#### Task prompt
Everything in the data must be repeated exactly, apart from the pictures, which are left out.

#### Source data
--- START ---
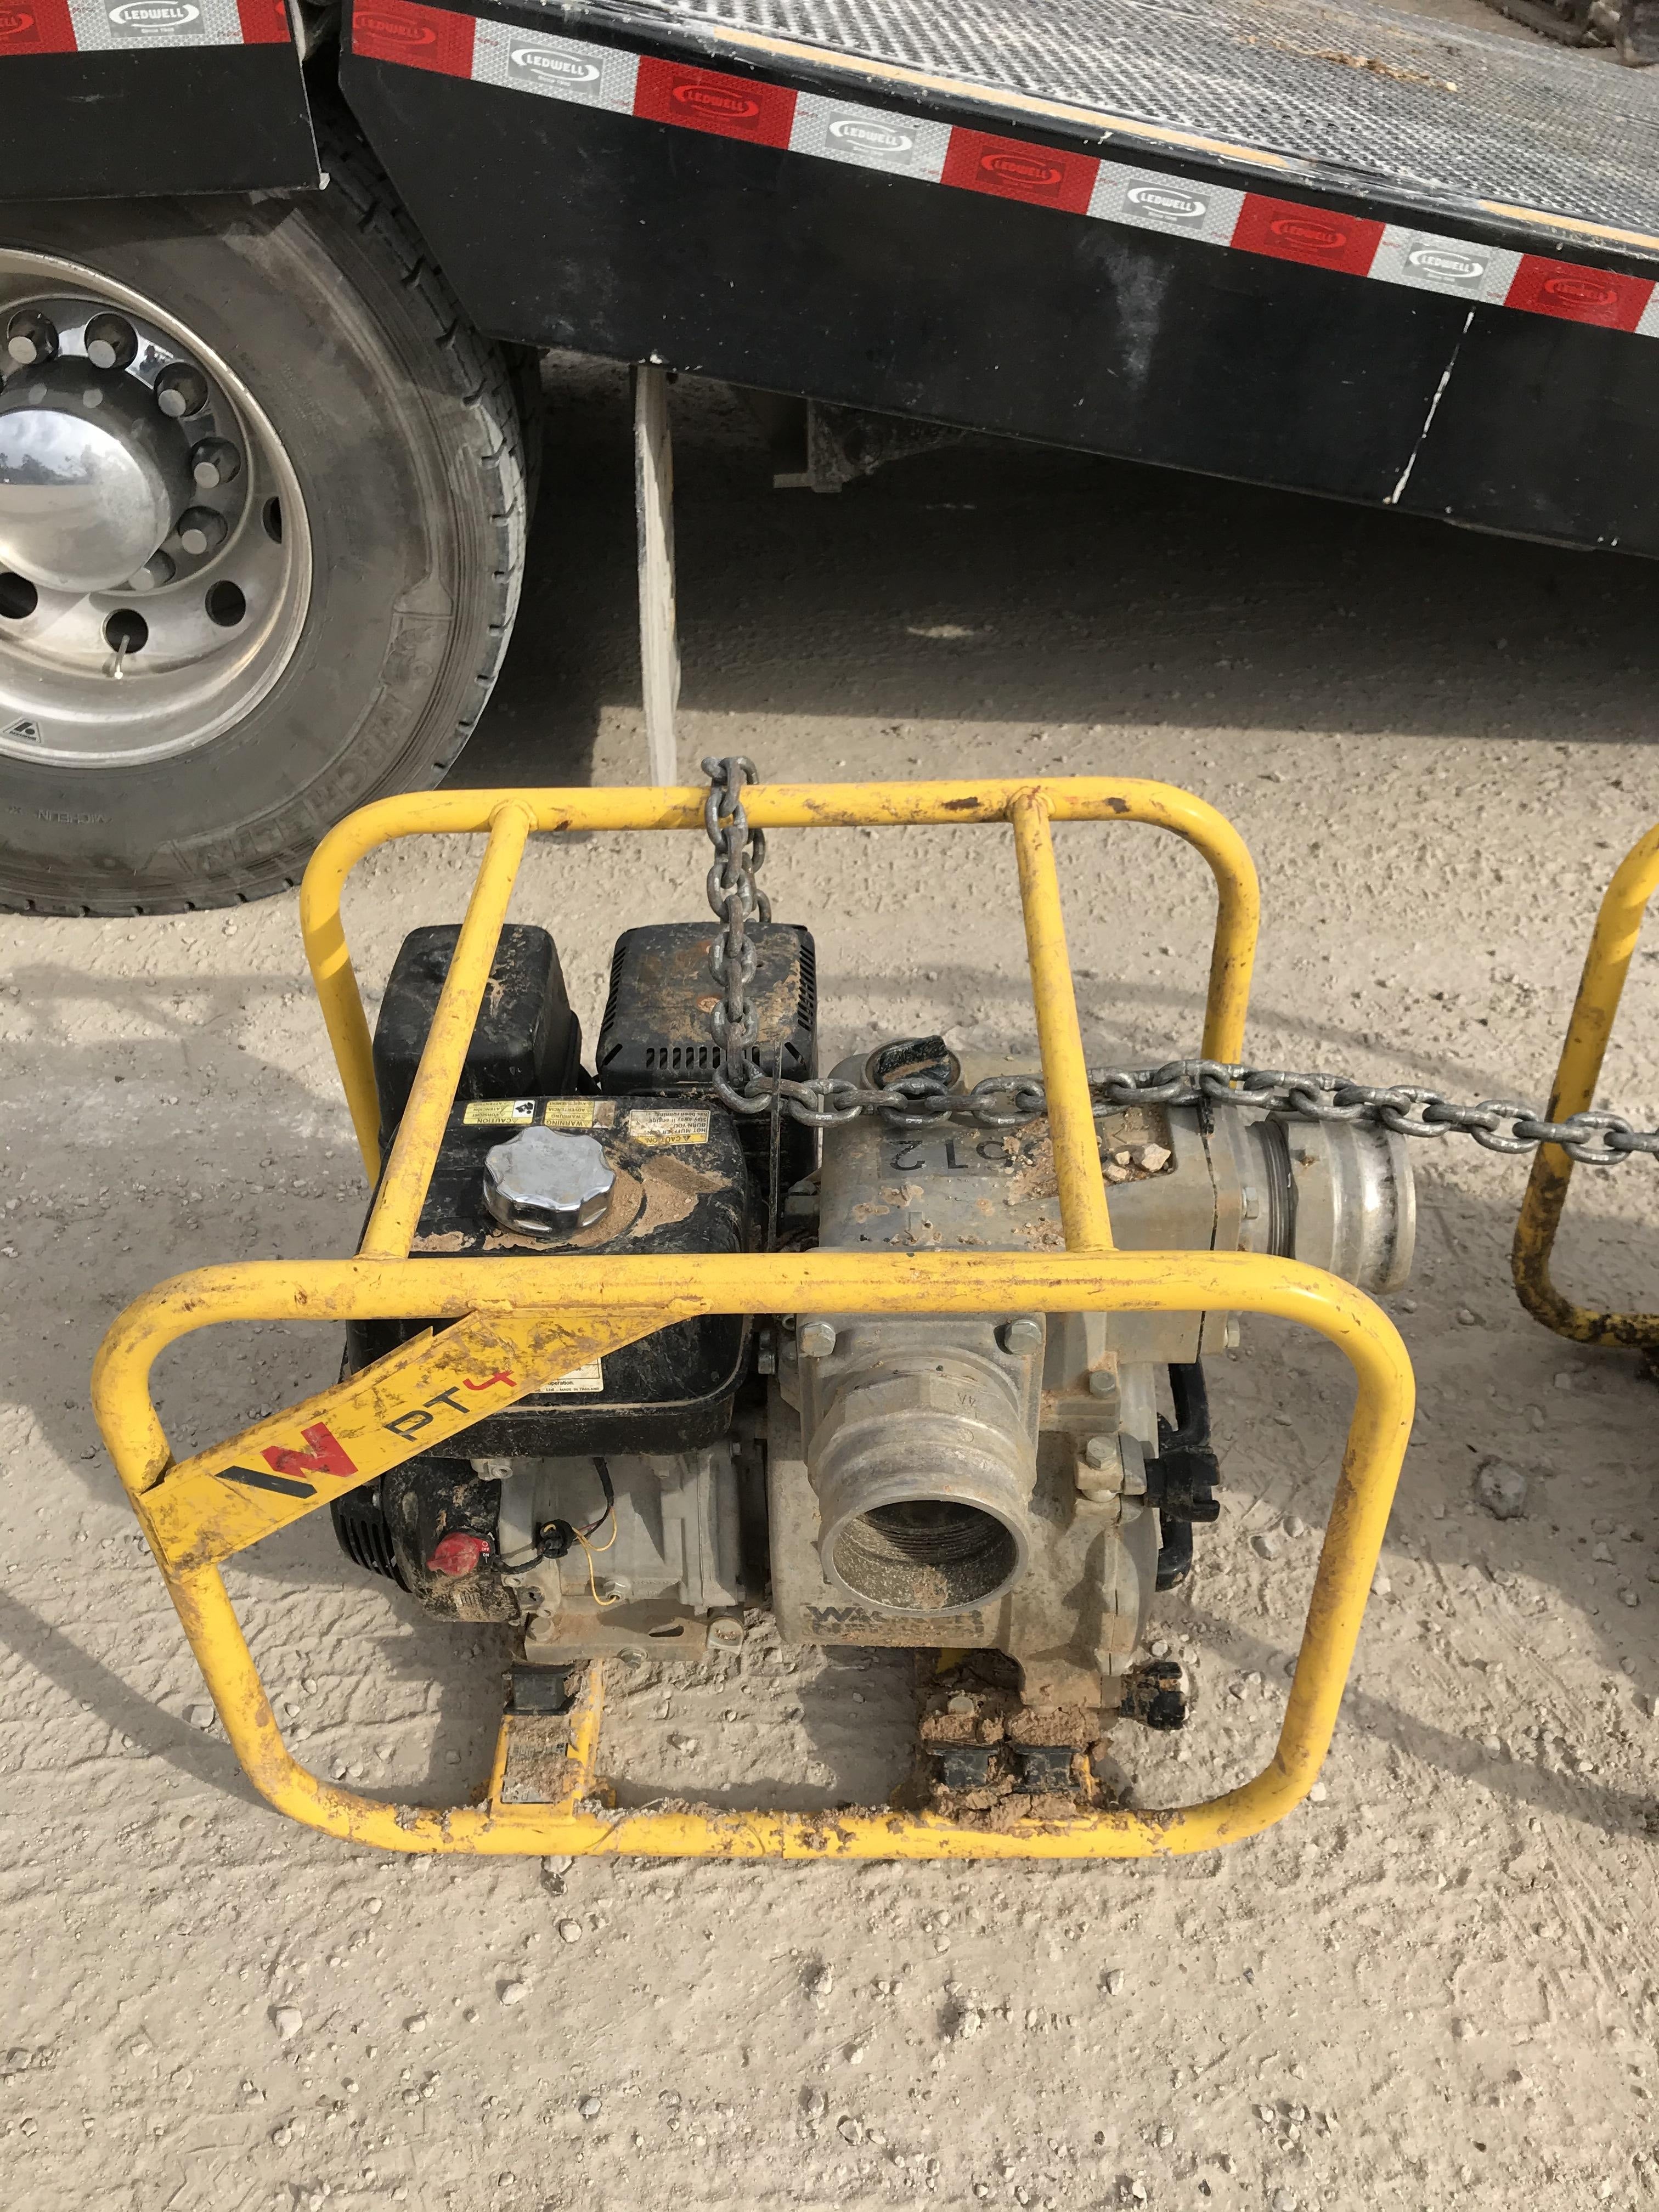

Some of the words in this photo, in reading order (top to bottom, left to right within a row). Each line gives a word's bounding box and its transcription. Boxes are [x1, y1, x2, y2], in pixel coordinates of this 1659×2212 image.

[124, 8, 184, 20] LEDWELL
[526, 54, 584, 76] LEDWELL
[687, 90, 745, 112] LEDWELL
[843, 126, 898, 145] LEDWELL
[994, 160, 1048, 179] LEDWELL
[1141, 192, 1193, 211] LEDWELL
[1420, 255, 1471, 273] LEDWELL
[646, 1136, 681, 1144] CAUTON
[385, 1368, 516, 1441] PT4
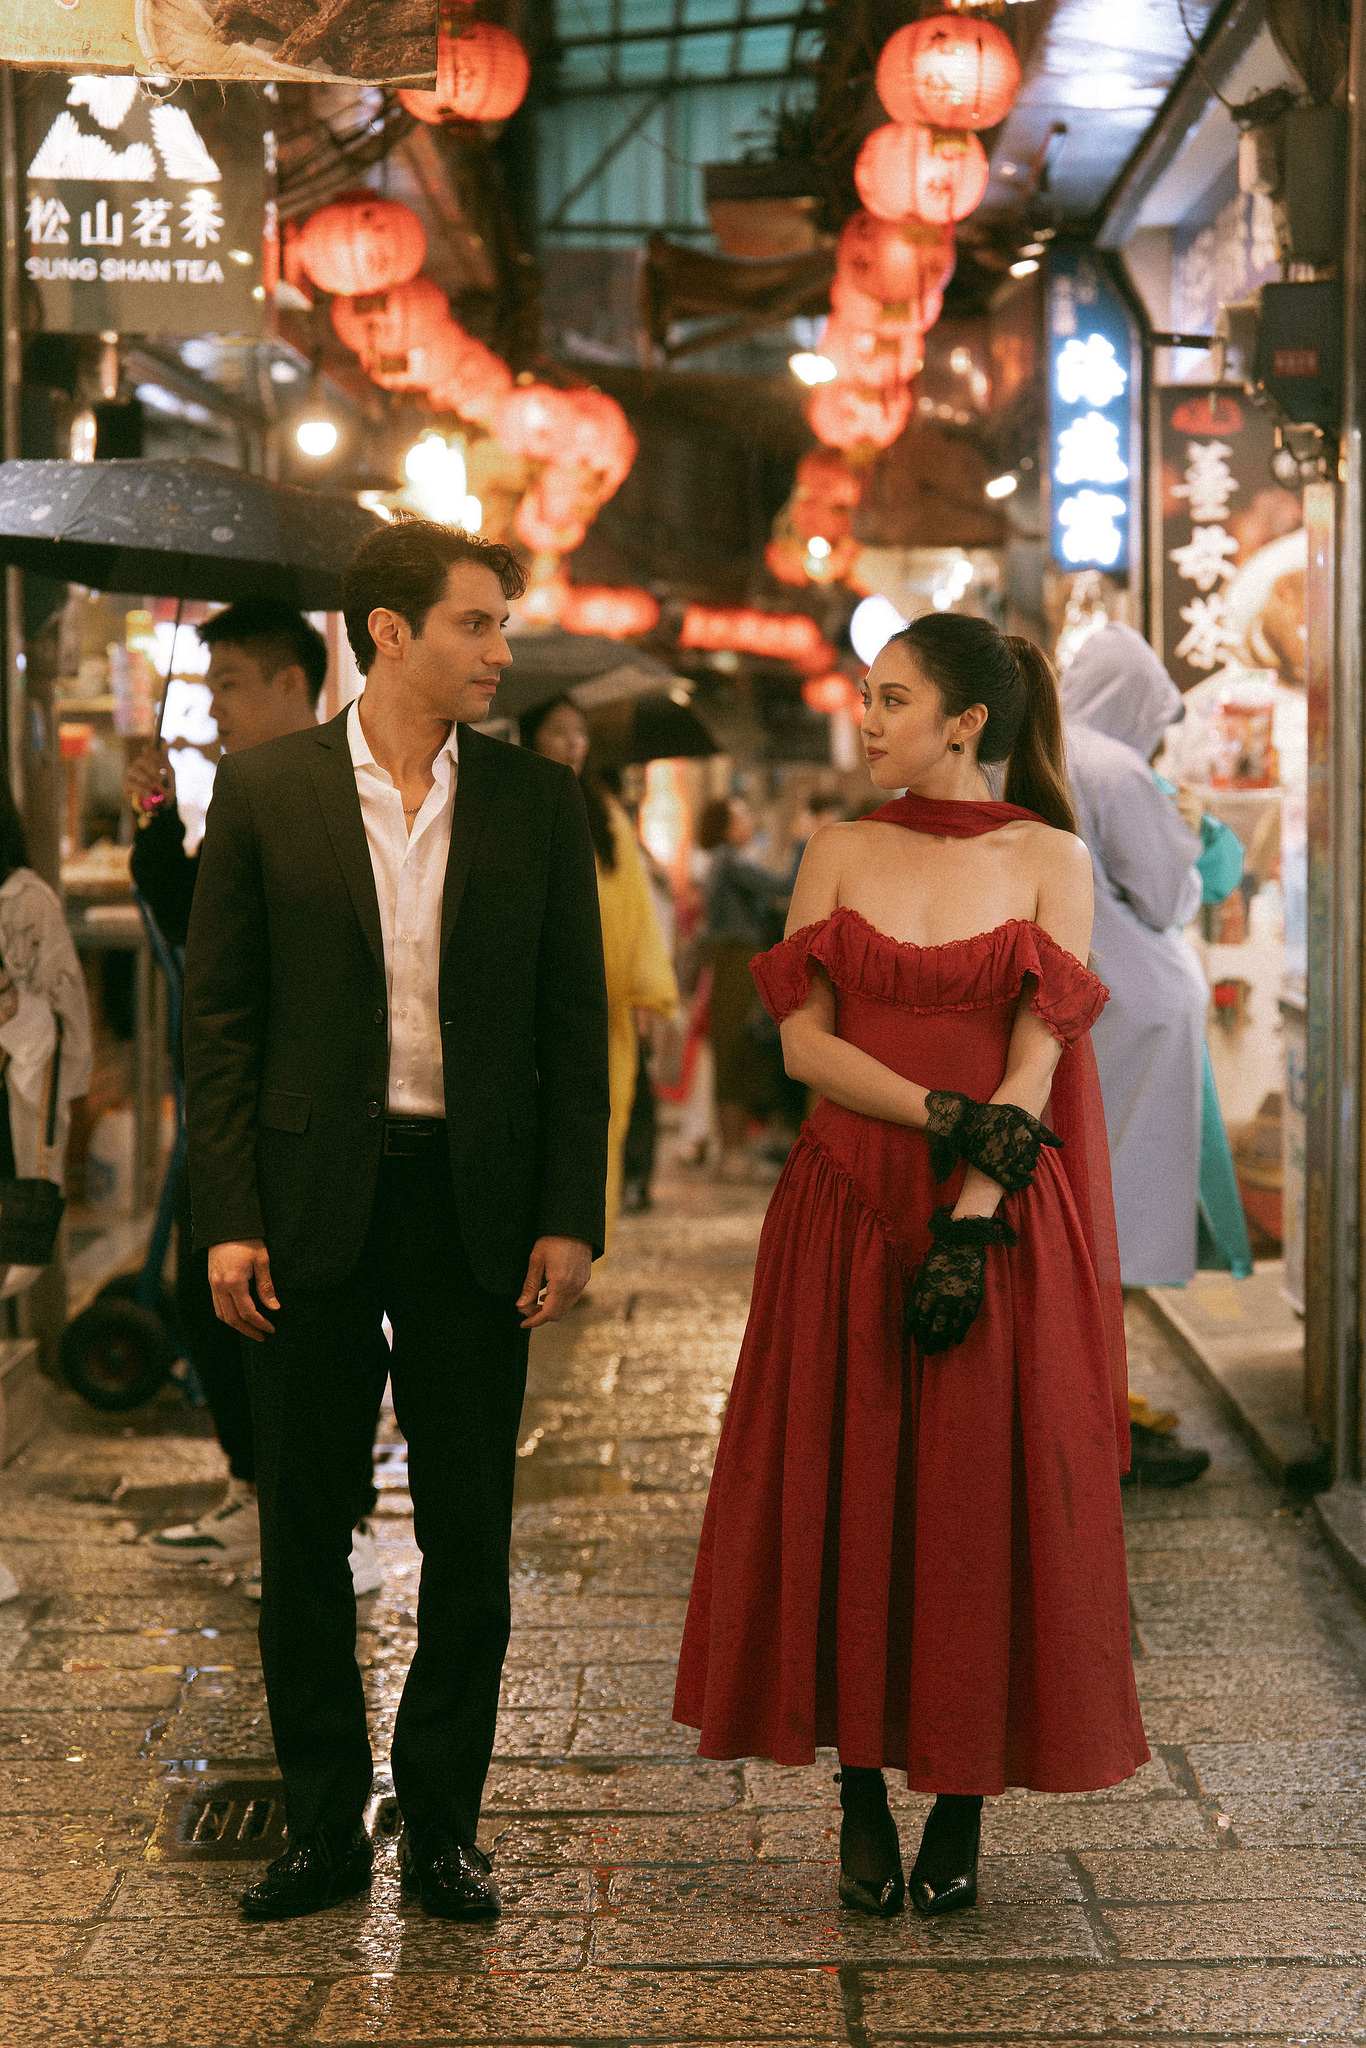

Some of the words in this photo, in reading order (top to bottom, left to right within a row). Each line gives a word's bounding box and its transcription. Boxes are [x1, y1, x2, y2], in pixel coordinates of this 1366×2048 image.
--- END ---
#### Result for this task
Some of the words in this photo, in reading order (top to bottom, left to right within a row). Each line gives a word's bounding box and its transcription. Boxes are [x1, y1, x2, y2], in pixel coordinates of this 1659×2212 image.

[124, 8, 184, 20] LEDWELL
[526, 54, 584, 76] LEDWELL
[687, 90, 745, 112] LEDWELL
[843, 126, 898, 145] LEDWELL
[994, 160, 1048, 179] LEDWELL
[1141, 192, 1193, 211] LEDWELL
[1420, 255, 1471, 273] LEDWELL
[646, 1136, 681, 1144] CAUTON
[385, 1368, 516, 1441] PT4

Some of the words in this photo, in reading order (top to bottom, left to right within a row). Each line gives a word's bounding box and its transcription. Boxes are [x1, y1, x2, y2], in pixel coordinates of this 1366×2048 image.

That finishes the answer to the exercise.